German Supermarket Sells Only Waste Food

Connector Winter 2017

The first supermarket to sell only salvaged food waste has opened in Germany. The store in the German city of Cologne is the first of its kind in the country and the third one in the European Union. It sells products of all kinds, from vegetables to beer. And the unusual thing is that all these products would otherwise have been destroyed as waste.

The other peculiar thing about “The Good Food” is that there are no fixed prices. Consumers decide how much they think a product is worth.

You only need to take one look at the figures to understand why Nicole Klaski decided to start “The Good Food”.  Every year, one third of the food produced in the world gets wasted.  If we saved just a quarter of that wasted food, we could feed almost 900 million hungry people, according to the Food and Agriculture Organization of the United Nations (FAO). At retail level, food is mostly wasted because it does not look attractive.

Klaski goes into fields after they have been harvested and collects the vegetables left behind. Some of them are deemed too big, some too small, some just too ugly to sell.

In her shop, the organic food then becomes accessible to everyone using a “pay what you think” system. Buyers can also find non-perishable products from big manufacturers which have passed their sell-by dates.

Klaski herself is not worried that there could be health risks involved. “The expiry dates on products are only a suggestion for the consumer,” she said. “Most of the products last much longer.”

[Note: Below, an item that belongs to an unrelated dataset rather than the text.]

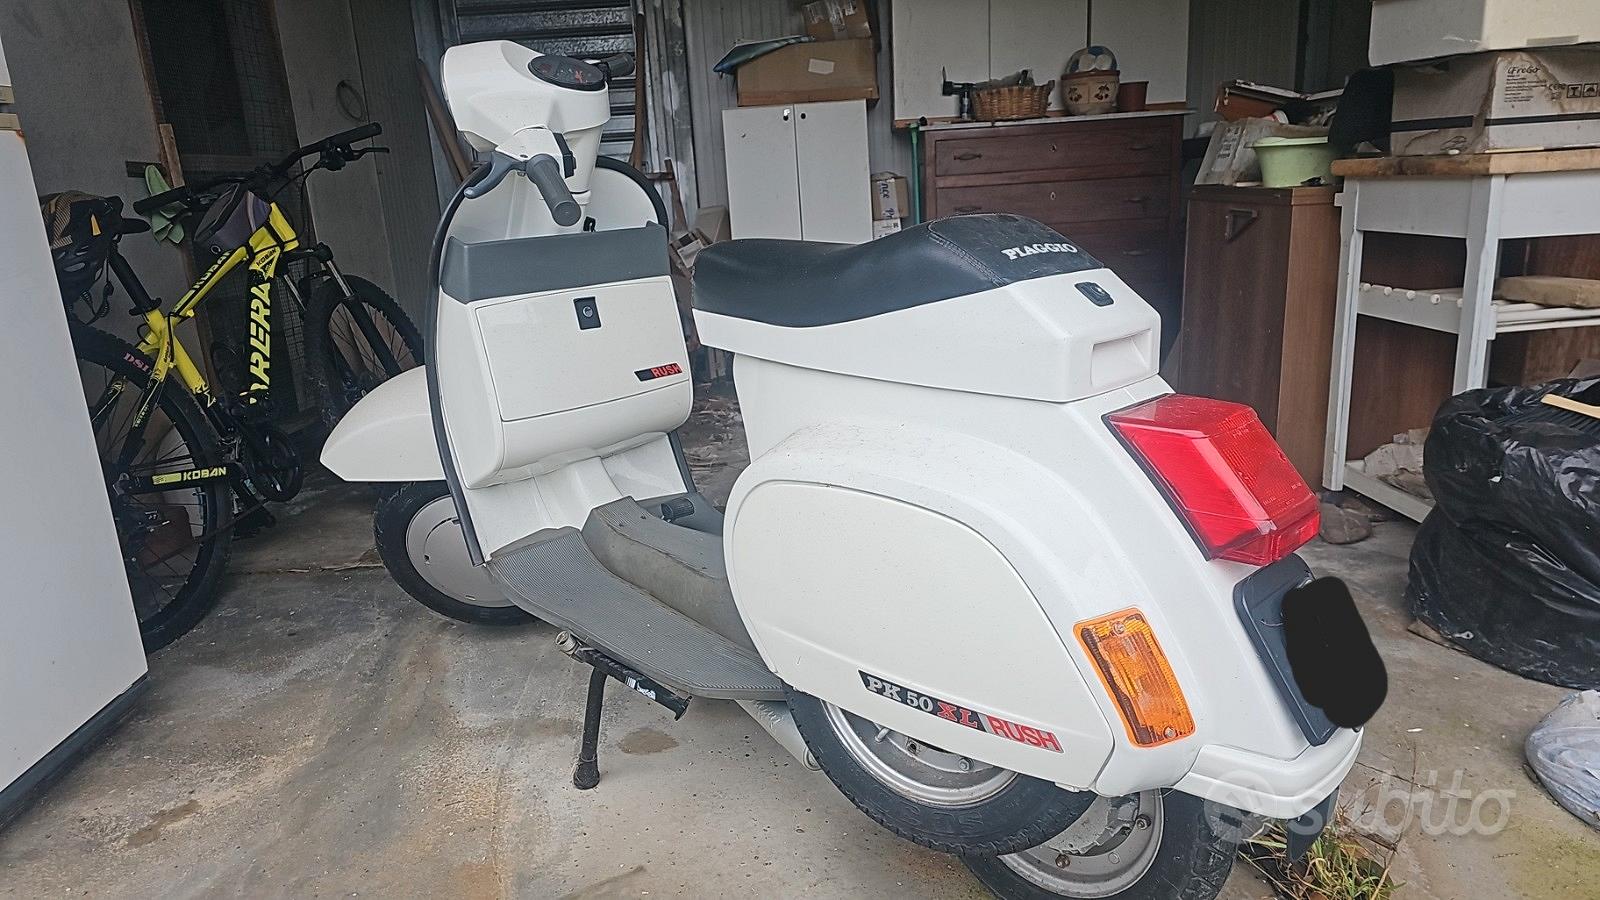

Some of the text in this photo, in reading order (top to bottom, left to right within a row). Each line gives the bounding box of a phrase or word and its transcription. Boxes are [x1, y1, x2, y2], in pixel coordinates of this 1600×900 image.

[1001, 243, 1078, 260] PIAGGIO
[650, 364, 682, 378] RUSH
[867, 675, 1062, 752] PK 50 XL RUSH

But in the unfortunate event that someone really did get sick, someone has to carry the responsibility. That is why Klaski says the team takes their duty very seriously to inform consumers when a product is out of date.

“And, of course, if something happens we will have to take the responsibility,” she added. “But we are even willing to do that; it is worth trying.”

Contrary to traditional supermarkets’ aim of making a profit, “The Good Food” aims at having a social impact.